B. La separabilidad a la luz de las teorías contractuales

Aunque cada sistema jurídico presenta sus propias particularidades en términos de cómo se estructura y aplica la ley, existen principios universales aplicables con independencia de la familia de derecho o tradición al que estos pertenezcan. En la teoría contractual, por ejemplo, la piedra angular es el principio de la autonomía de la voluntad, la fuente a partir de la cual las partes resultan vinculadas a un acuerdo particular. La autonomía de la voluntad es entonces el principio y el consentimiento es el vehículo a través del cual dicha autonomía es expresada.

Teniendo en cuenta que en materia de derecho contractual el consentimiento es indispensable para que una parte resulte vinculada a un acuerdo, la doctrina de la separabilidad ha sido cuestionada por contradecir y distorsionar el principio de la autonomía de la voluntad al asumir un consentimiento implícito hacia el arbitraje diferente de aquel expresado respecto del contrato principal (Ware citado en St. Germain, 2005: 536).

Han sido numerosos los argumentos que se han planteado en contra de la divisibilidad, incluyendo críticas sobre la moralidad de los árbitros para decidir un asunto que afecte sus propios intereses, pasando por la denegación de justicia y la incapacidad de los árbitros para decidir una cuestión de derecho (Reuben, 2003: 841-848). No obstante, ninguno ha cobrado mayor relevancia que el argumento que presenta la separabilidad como una “derogación del derecho contractual” (St. Germain, 2005: 534).

Algunos partidarios de esta corriente han sostenido que corresponde a la jurisdicción ordinaria y no a los árbitros decidir sobre la validez del contrato principal, ya que desde el punto de vista contractual la cláusula de arbitraje depende de la suerte del contrato (Reuben, 2003: 878). Otros han aceptado una versión limitada de la separabilidad, en la que esta aplica tratándose de “defensas contractuales que impiden la ejecución de algunos de los términos del contrato”, en contraste con aquellas que “impiden la ejecución de todos los términos del contrato”(40).

Sin embargo, como el profesor Rau ha tratado de explicar “la mutua manifestación de asentimiento, verbal o escrita, es la piedra angular del contrato y por lo tanto del arbitraje” (Rau, 2003: 1-7).
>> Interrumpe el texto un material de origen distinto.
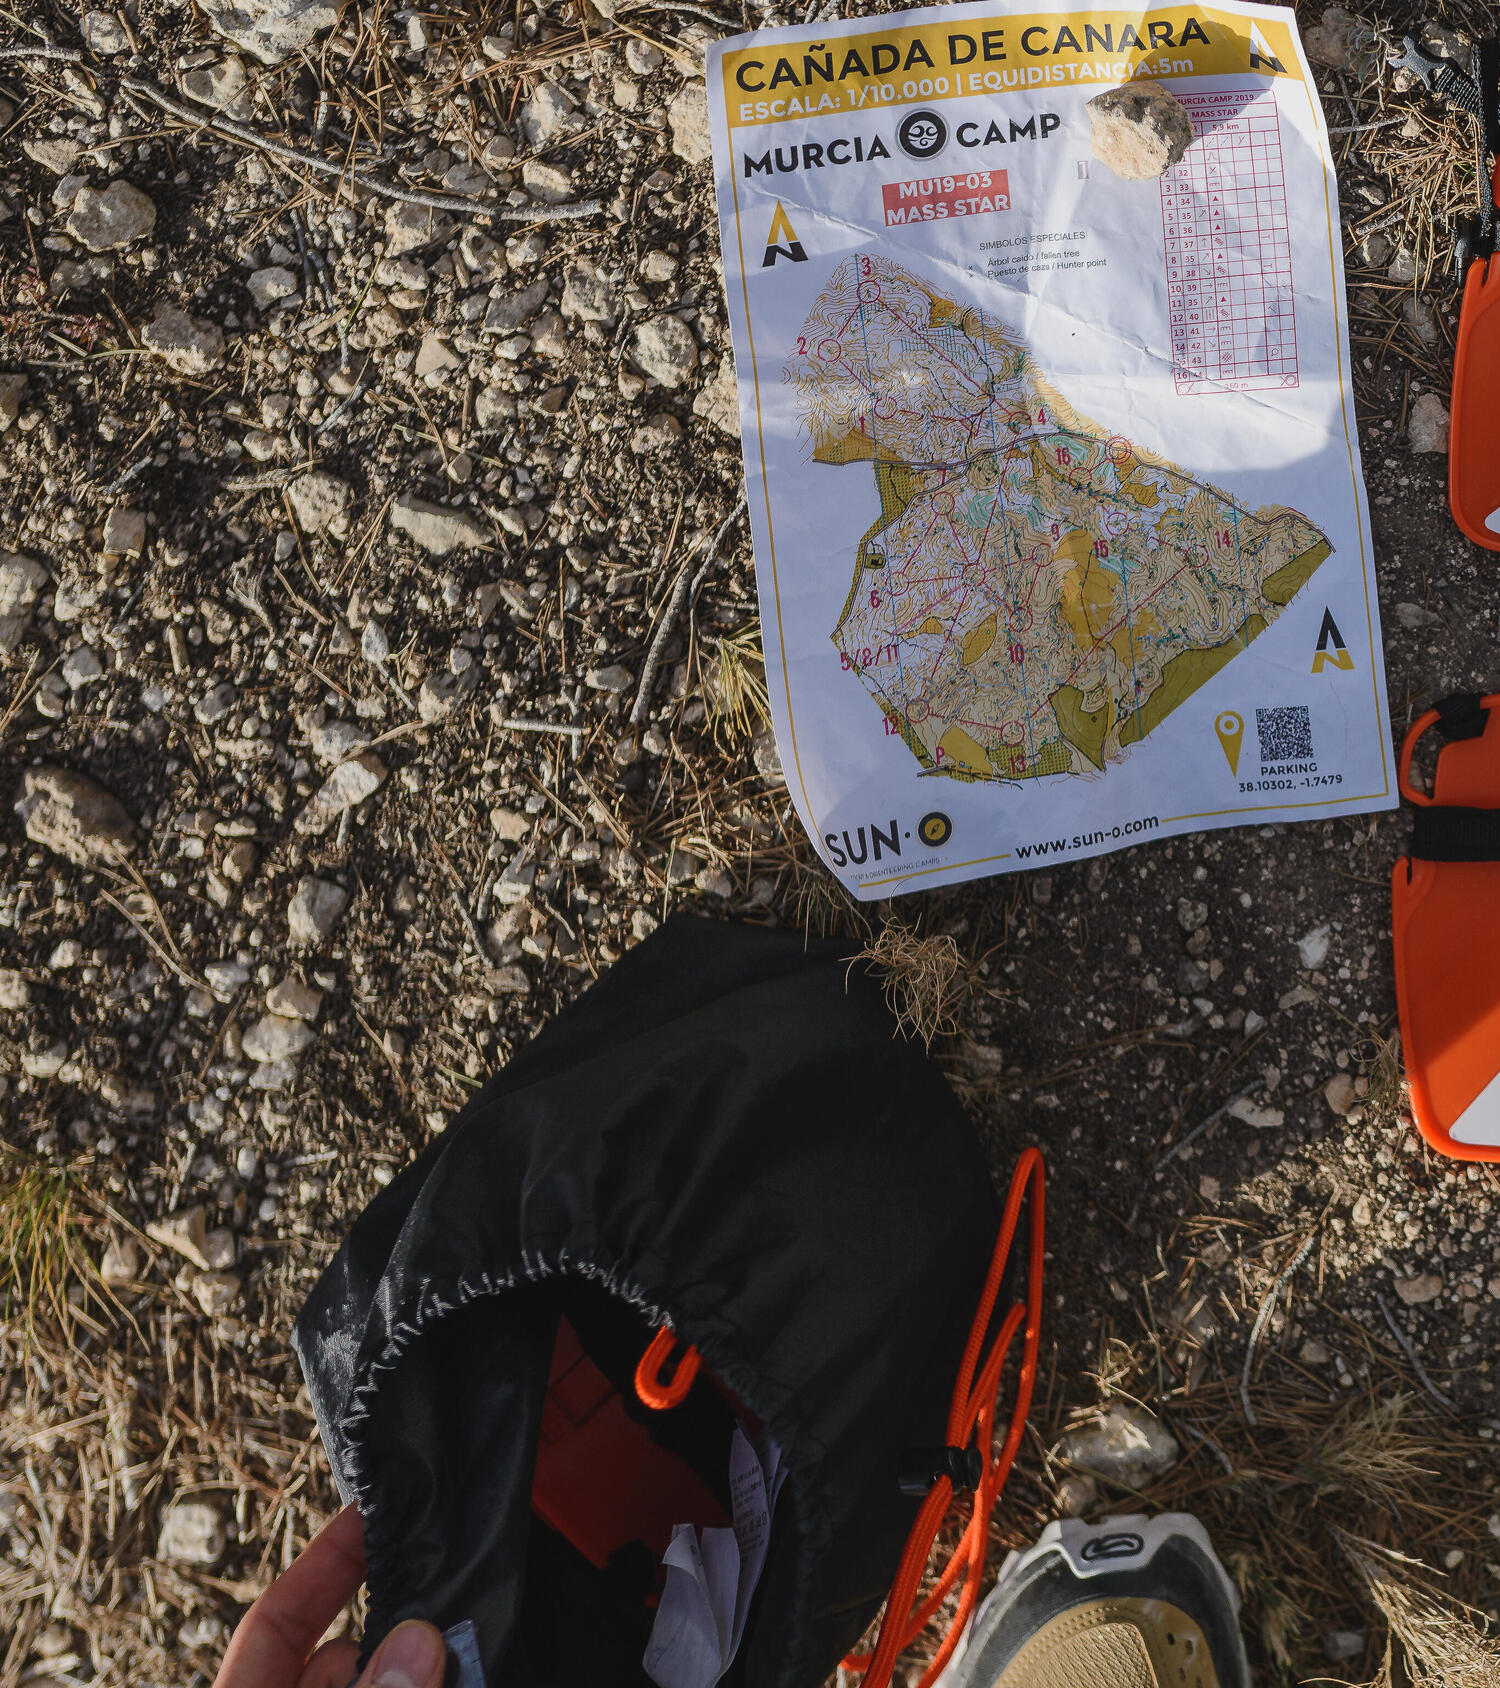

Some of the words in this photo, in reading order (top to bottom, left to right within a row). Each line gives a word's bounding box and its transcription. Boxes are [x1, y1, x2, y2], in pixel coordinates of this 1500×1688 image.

[736, 38, 935, 92] CAÑADA
[948, 29, 1007, 66] DE
[1021, 17, 1211, 57] CANARA
[739, 93, 841, 121] ESCALA:
[846, 76, 950, 108] 1/10.000
[1208, 95, 1233, 104] CAMP
[1235, 94, 1254, 102] 2019
[1191, 110, 1215, 119] MASS
[1217, 108, 1238, 117] STAR
[1226, 122, 1240, 130] km
[743, 134, 891, 178] MURCIA
[956, 113, 1061, 148] CAMP
[1164, 170, 1170, 178] 2
[1178, 169, 1188, 177] 32
[899, 171, 993, 200] MU19-03
[1179, 183, 1190, 191] 33
[1180, 198, 1191, 206] 34
[886, 201, 951, 226] MASS
[954, 194, 1009, 217] STAR
[1168, 213, 1173, 221] 5
[1181, 212, 1192, 220] 35
[1183, 226, 1193, 234] 36
[979, 236, 1028, 251] SIMBOLOS
[1030, 231, 1086, 244] ESPECIALES
[1170, 242, 1176, 250] 7
[1041, 251, 1062, 260] fallen
[1063, 250, 1081, 258] tree
[1171, 256, 1177, 264] 8
[1185, 255, 1195, 263] 35
[861, 256, 871, 276] 3
[987, 267, 1017, 278] Puesto
[1018, 265, 1029, 274] de
[1031, 264, 1050, 272] caza
[1056, 260, 1085, 270] Hunter
[1086, 258, 1107, 269] point
[1172, 271, 1178, 279] 9
[1186, 269, 1196, 277] 38
[1171, 285, 1182, 293] 10
[1187, 284, 1197, 292] 39
[1171, 300, 1182, 308] 11
[1188, 298, 1198, 306] 35
[1173, 314, 1184, 322] 12
[1189, 313, 1200, 321] 40
[1174, 329, 1185, 337] 13
[1190, 327, 1200, 335] 41
[796, 336, 808, 355] 2
[1175, 343, 1186, 351] 14
[1191, 342, 1201, 350] 42
[1192, 356, 1202, 364] 43
[1177, 371, 1188, 379] 16
[1037, 408, 1047, 426] 4
[1055, 447, 1071, 466] 16
[1051, 523, 1060, 542] 9
[1215, 530, 1232, 549] 14
[870, 589, 880, 609] 6
[882, 715, 899, 736] 12
[935, 746, 945, 764] P
[1010, 753, 1027, 774] 13
[1261, 762, 1318, 776] PARKING
[1239, 779, 1297, 793] 38.10302,
[1300, 774, 1343, 788] -1.7479
[1015, 816, 1159, 859] www.sun-o.com
Esto es igualmente cierto bajo la doctrina de la separabilidad que opera sobre la base del consentimiento, pero uno diferente al del contrato subyacente. Mientras que este último se refiere a un “intercambio de promesas comerciales” entre las partes, el consentimiento para el arbitraje involucra un “intercambio de promesas para resolver las controversias por el arbitraje internacional —en lugar de algún otro medio” (Born, 2014: 397).

La divisibilidad reconoce la existencia de un acuerdo independiente, pero al hacerlo no está asumiendo la existencia de un consentimiento implícito. En lo que se refiere a la cláusula compromisoria, existe un principio de consentimiento explícito evidenciado por la mera incorporación de la cláusula de arbitraje en el contrato suscrito por las partes. En la mayoría de los sistemas legales esto es suficiente para someter el asunto a arbitraje(41) a menos que las partes “cuestionen específicamente dicho consentimiento” (Rau, 2003: 7). De esta manera, incluso dentro del marco de la separabilidad, el consentimiento hacia el arbitraje será determinado bajo un análisis puramente contractual, llevado a cabo por el ente decisorio.
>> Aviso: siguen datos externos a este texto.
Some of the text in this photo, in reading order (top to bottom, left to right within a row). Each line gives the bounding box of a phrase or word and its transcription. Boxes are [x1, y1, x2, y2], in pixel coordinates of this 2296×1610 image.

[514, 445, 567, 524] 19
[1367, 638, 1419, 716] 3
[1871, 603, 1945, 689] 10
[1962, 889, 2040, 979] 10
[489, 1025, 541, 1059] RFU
Los opositores de la doctrina también han sostenido que bajo la separabilidad se asume que las partes han renunciado a su derecho a litigar incluso en aquellos contratos y por ende cláusulas arbitrales que son inejecutables por naturaleza —Ej.: contratos en los que media falsedad— (Ware 2007-2008: 121). Se entiende entonces que al remitir el asunto para el conocimiento de los árbitros, implícitamente se está asumiendo la ejecutoriedad del contrato, privando a las partes del derecho a cuestionar su cumplimiento (Ibíd.). Para contrarrestar este efecto, se ha sugerido que la regla de la divisibilidad debería ser abolida permitiendo a las cortes “oír las defensas contra el contrato que contiene la cláusula compromisoria” (Ibíd.).

En este sentido, es importante tener en cuenta que el derecho a litigar puede ser válidamente renunciado incluso tratándose de contratos inejecutables, siempre y cuando la cláusula de arbitraje sea válida. De esta manera, cuando un caso es referido al tribunal de arbitramento no se está ejecutando el contrato principal sino la cláusula compromisoria que en su carácter autónomo —gracias a la separabilidad— puede considerarse válidamente concluida —bien sea porque las partes no cuestionaron el acuerdo de arbitraje o porque habiéndolo hecho, el ente decisorio encuentra el acuerdo ajustado a derecho.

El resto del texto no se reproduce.